> **Problem requirements**
Please transcribe, exactly and only, the lines of the records below from the one holding "this 1280×960 image." to the very end.

> **Data records**
#####
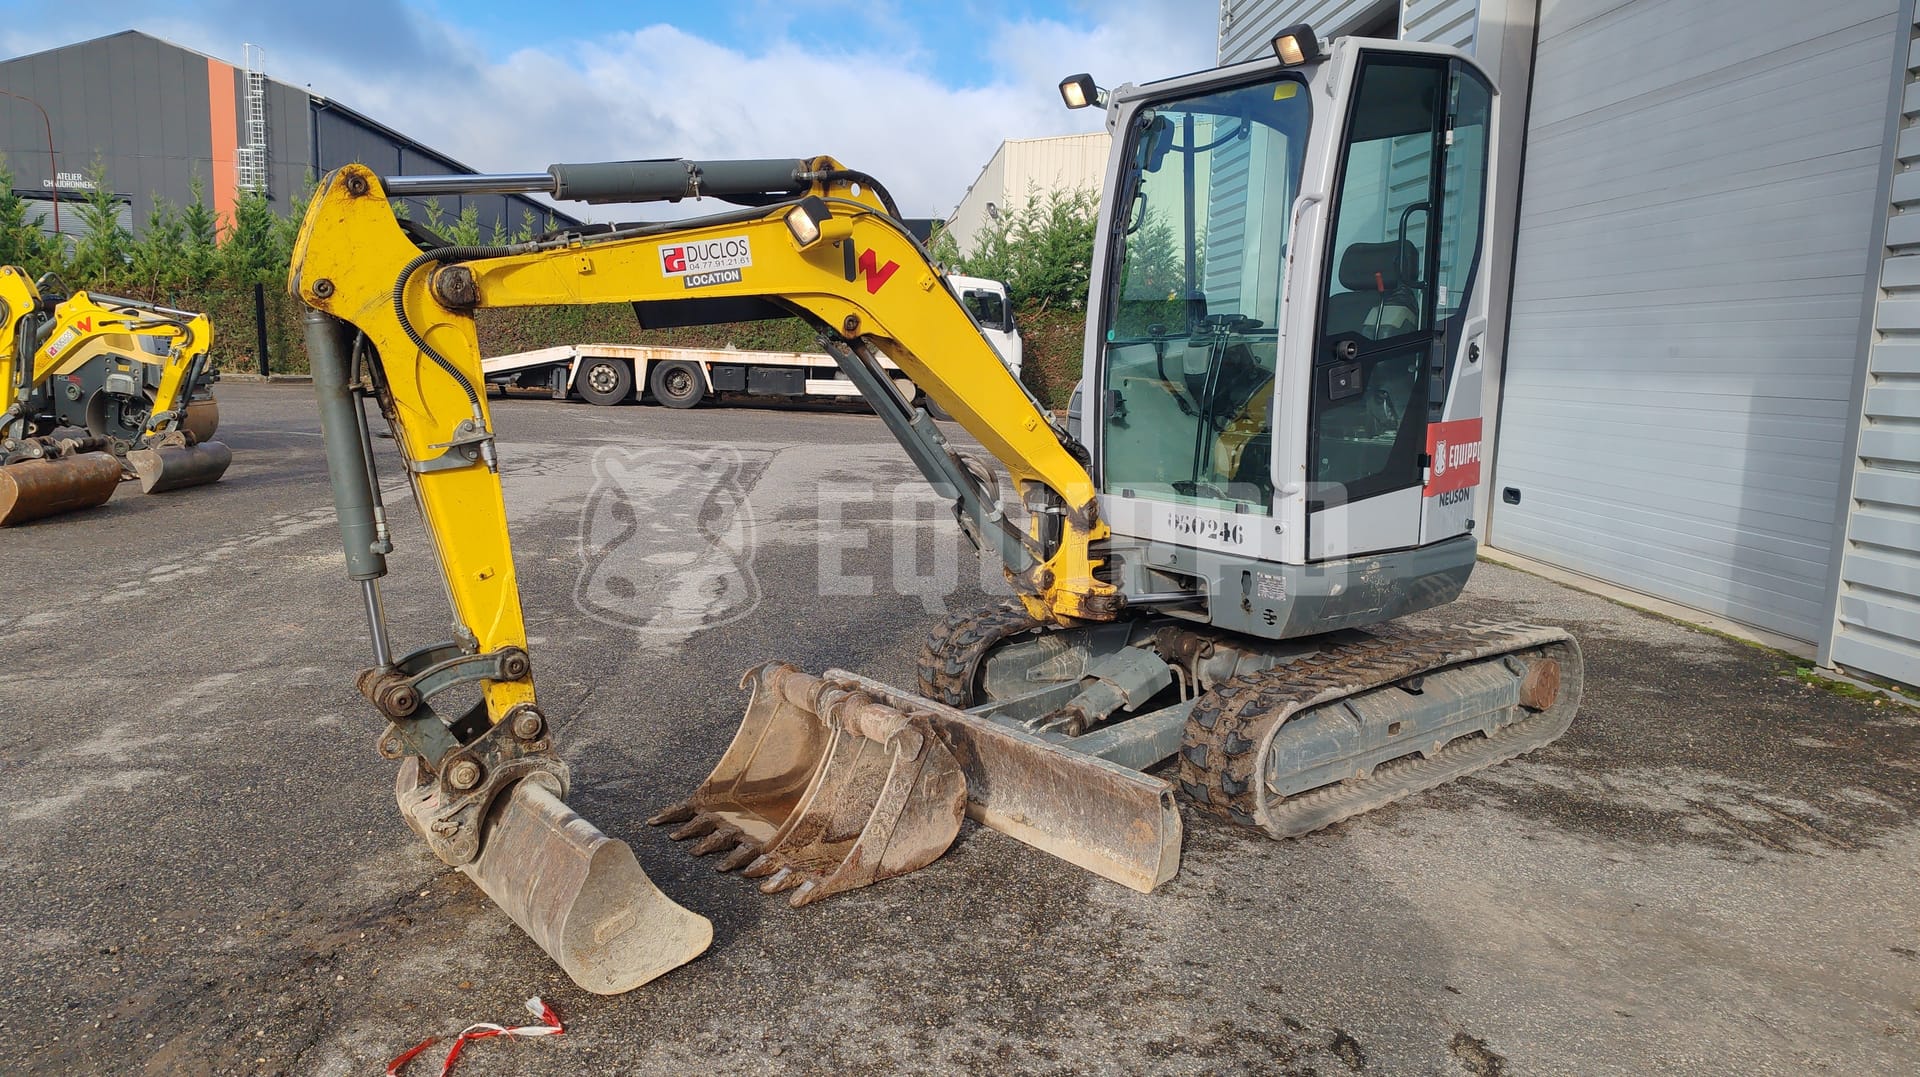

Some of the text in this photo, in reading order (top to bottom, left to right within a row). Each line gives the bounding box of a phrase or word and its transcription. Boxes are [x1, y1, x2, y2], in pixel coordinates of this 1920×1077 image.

[57, 172, 82, 181] ATELIER
[687, 239, 748, 263] DUCLOS
[690, 257, 750, 271] 04.77.91.21.61
[686, 270, 740, 287] LOCATION
[1439, 487, 1470, 508] NEUSON
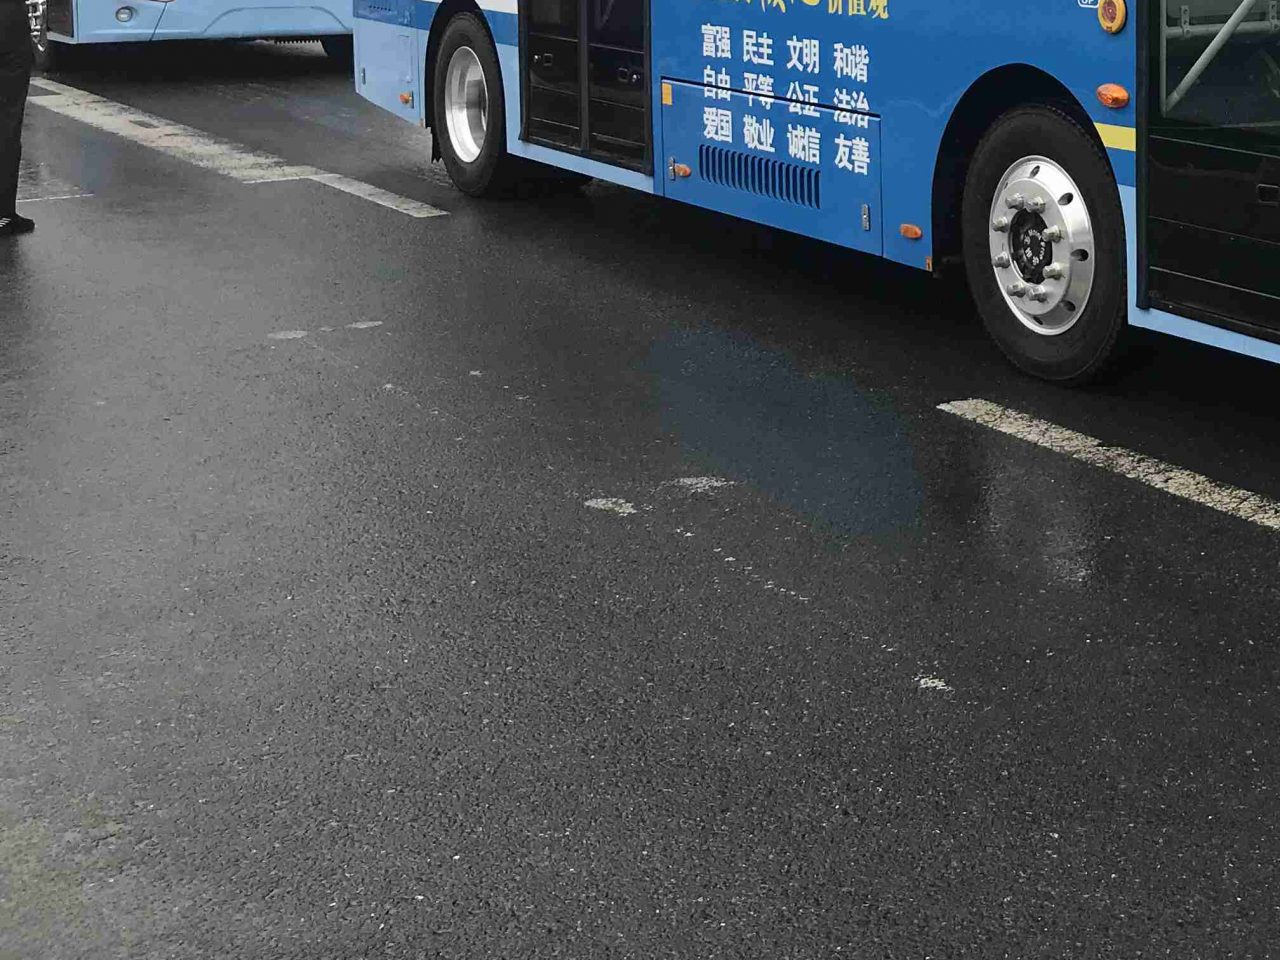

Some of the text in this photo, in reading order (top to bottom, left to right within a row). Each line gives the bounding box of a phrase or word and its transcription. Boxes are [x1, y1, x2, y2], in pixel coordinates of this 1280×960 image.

[701, 23, 869, 83] 富强 民主 文明 和谐
[703, 65, 869, 128] 自由 平等 公正 法治
[703, 107, 870, 176] 爱国 敬业 诚信 友善
#####
> **Response below**
Some of the text in this photo, in reading order (top to bottom, left to right within a row). Each line gives the bounding box of a phrase or word and its transcription. Boxes are [x1, y1, x2, y2], in pixel coordinates of this 1280×960 image.

[701, 23, 869, 83] 富强 民主 文明 和谐
[703, 65, 869, 128] 自由 平等 公正 法治
[703, 107, 870, 176] 爱国 敬业 诚信 友善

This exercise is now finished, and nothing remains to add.